Saghi Ghahraman: "IRQO ist eine Vereinigung von gleichgesinnten Menschenrechtsaktivisten - Schwule, Lesben und Heterosexuelle- die sich dem Erhalt und der Erwirkung der Zivil- und der Menschenrechte für die Iranische LGBT Gemeinschaft im Iran und außerhalb widmet. Wir arbeiten stark daran, dass Homosexualität nicht mehr als Verbrechen betrachtet wird. Unser Ziel ist es Toleranz und Verständnis für Homosexualität und Transsexualität in der iranischen Kultur im Iran und außerhalb zu erreichen. Unsere Arbeit mit IRQO ist sehr breitgefächert, weil wir die Iranischen LGBT(Lesbian, gay, bisexual, transsexual) community (sprich die Gemeinschaft der Lesben, Schwule, Bisexuellen und Transsexuellen) in Transit- und Gastländern in unterschiedlicher Weise betreuen."

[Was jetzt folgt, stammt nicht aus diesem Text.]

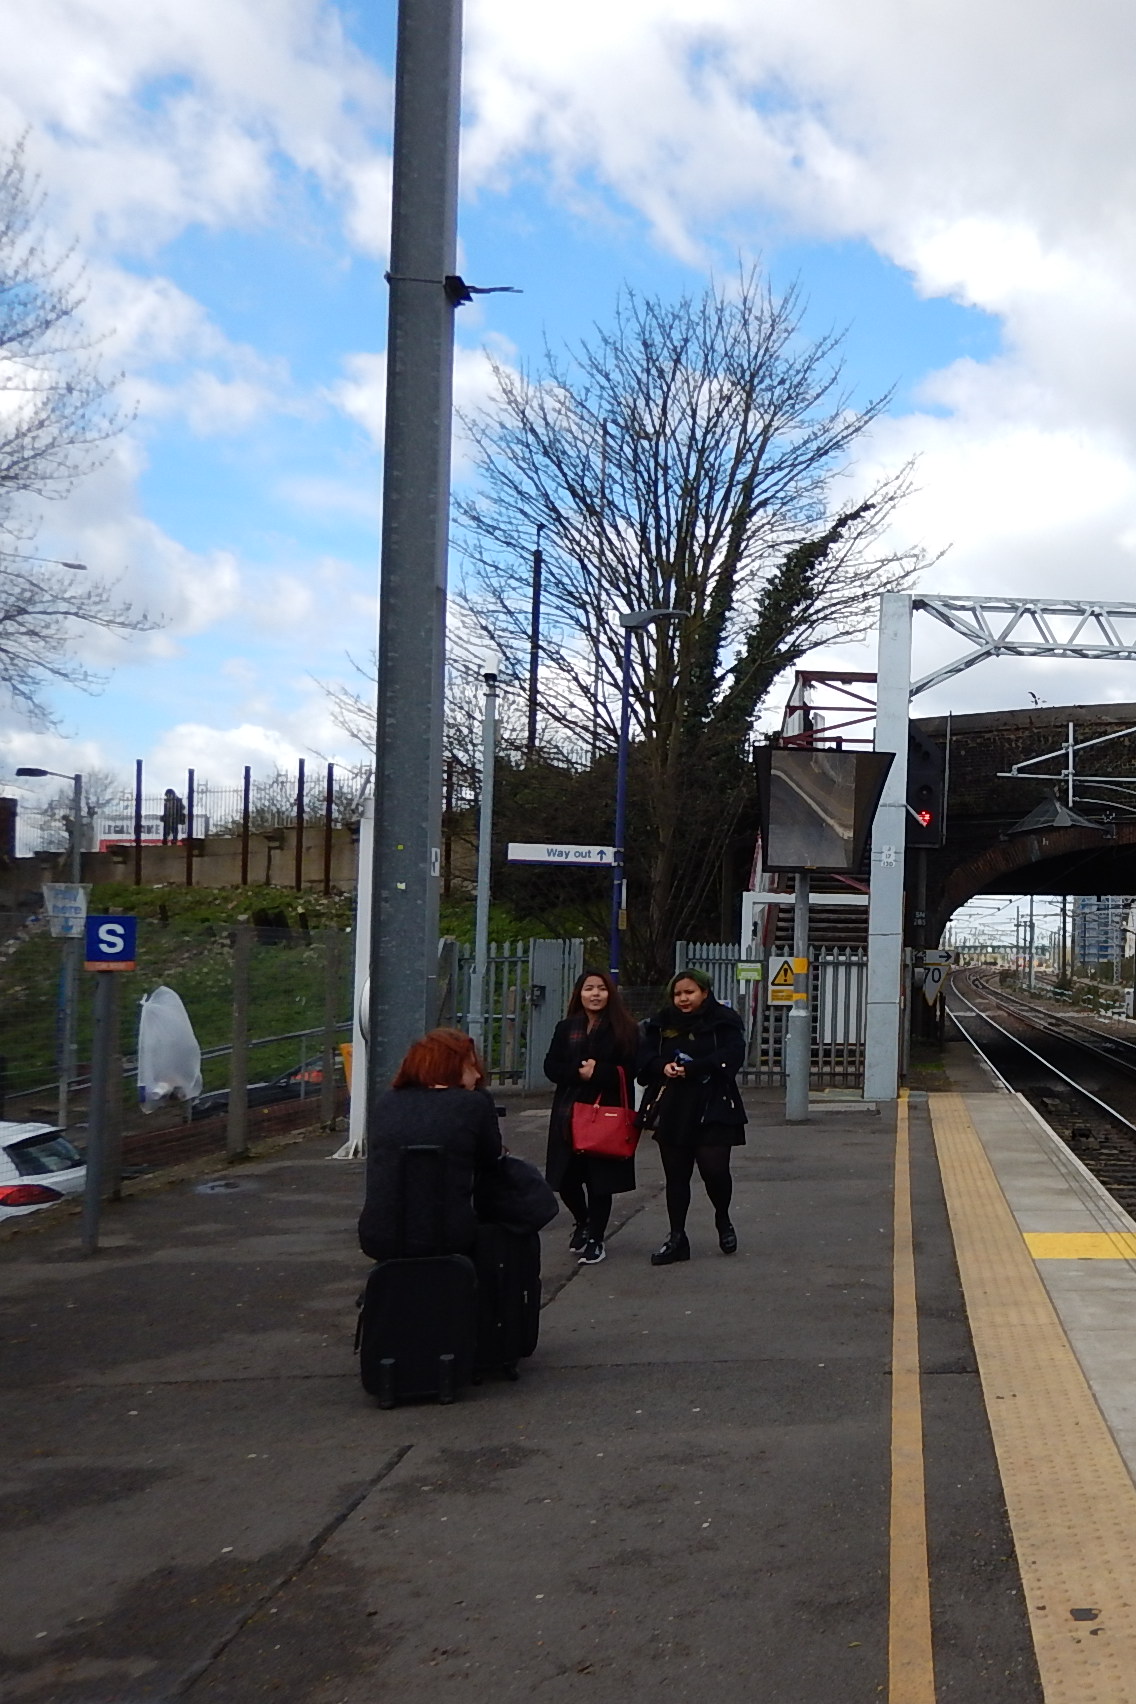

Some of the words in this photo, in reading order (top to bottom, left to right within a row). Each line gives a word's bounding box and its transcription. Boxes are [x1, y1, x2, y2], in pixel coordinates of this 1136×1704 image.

[546, 848, 570, 859] Way
[573, 849, 592, 859] out
[98, 923, 125, 954] S
[923, 967, 942, 984] 70
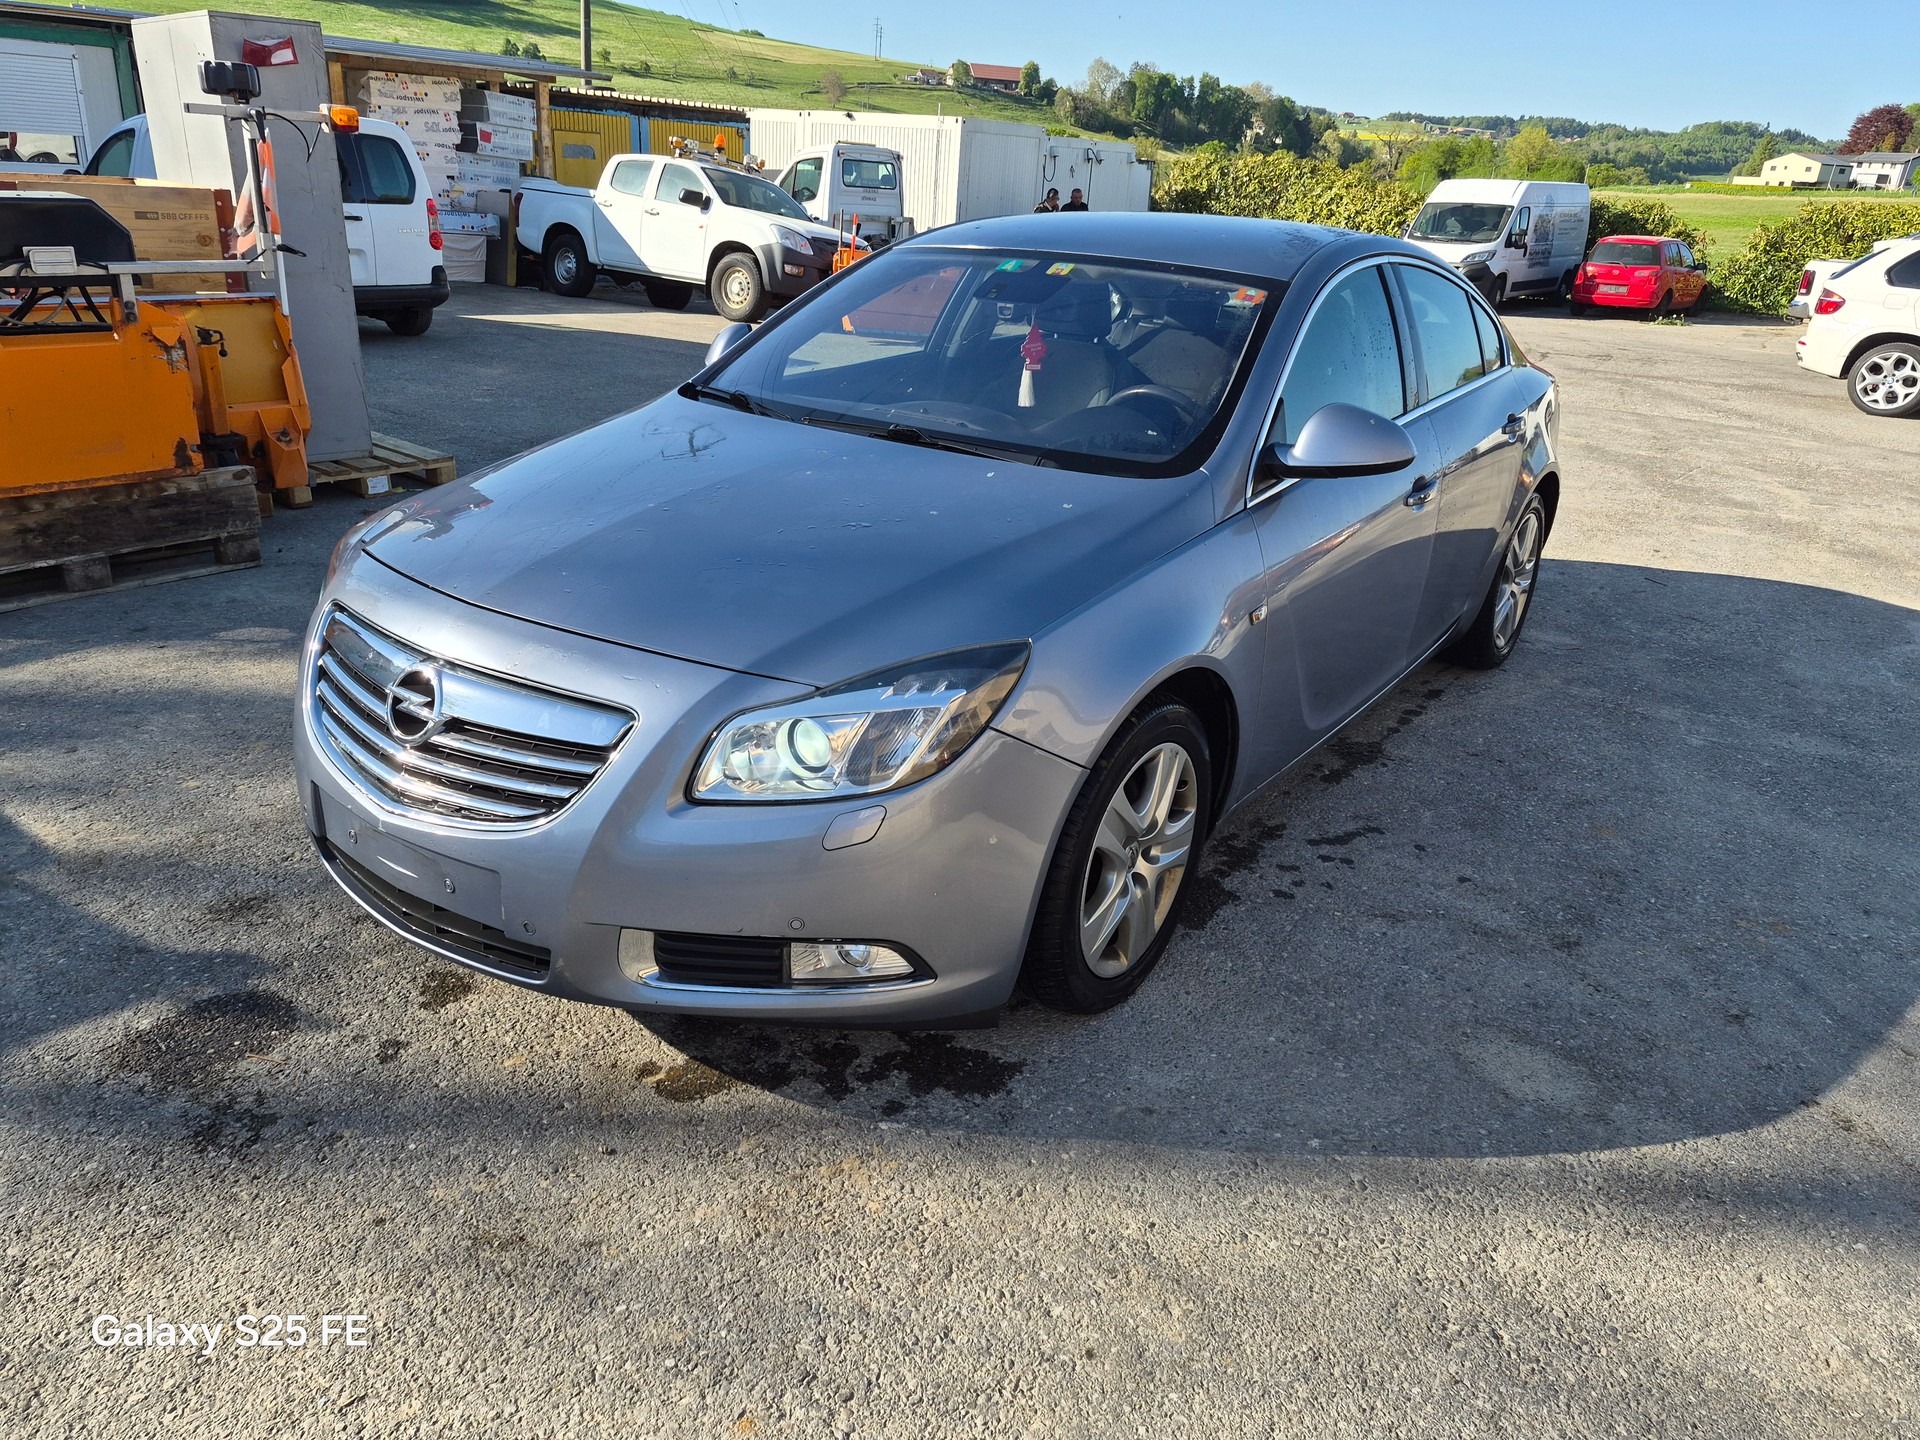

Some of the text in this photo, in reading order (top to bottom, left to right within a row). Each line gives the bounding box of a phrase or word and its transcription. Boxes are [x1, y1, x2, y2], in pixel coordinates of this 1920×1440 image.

[396, 94, 425, 104] swisspor
[413, 109, 440, 117] swisspor
[424, 120, 442, 133] XPS
[161, 212, 177, 220] SBB
[195, 213, 210, 221] FFS

mehriran.de: "Wann und zu welchem Zweck wurde die IRQO gegründet?"

Saghi Ghahramn: "IRQO wurde 2007 gegründet. Wir sind zusammen gekommen, weil wir bemerkten, dass eine beträchtliche Anzahl unserer iranischen LGBT Mitglieder gezwungen waren aus dem Iran zu flüchten. Diese Tendenz verstärkte sich immer weiter, auf Grund von Folterungen und Angst vor Hinrichtungen und dem Mangel an sozialer Gerechtigkeit, was ihnen nicht ermöglicht die grundlegendsten Menschen- und Zivilrechte zu erfahren. Inzwischen sind diejenigen, die sich zum Verbleib im Iran entschlossen haben, hingerichtet worden, gefoltert worden, zu Geschlechtsumwandlungen gezwungen worden und von ihren Familien und der Gesellschaft zutiefst gekränkt worden. Die Islamische Republik Iran betrachtet Homosexualität als illegal und ihre Gesetze stehen im völligen Widerspruch zu den Artikeln 1,2,3,5, 7,9,10, 11,12,13,19, 20, 26, 28, 29, und 30  der universellen Menschenrechtserklärungen. Die Aufgabe von IRQO ist es, die iranische LGBT Flüchtlinggruppe, die im letzten Jahr um 25% größer geworden ist, zu unterstützen."
mehriran.de: "Welche Aktionen führen die Mitglieder Ihrer Organisation durch?"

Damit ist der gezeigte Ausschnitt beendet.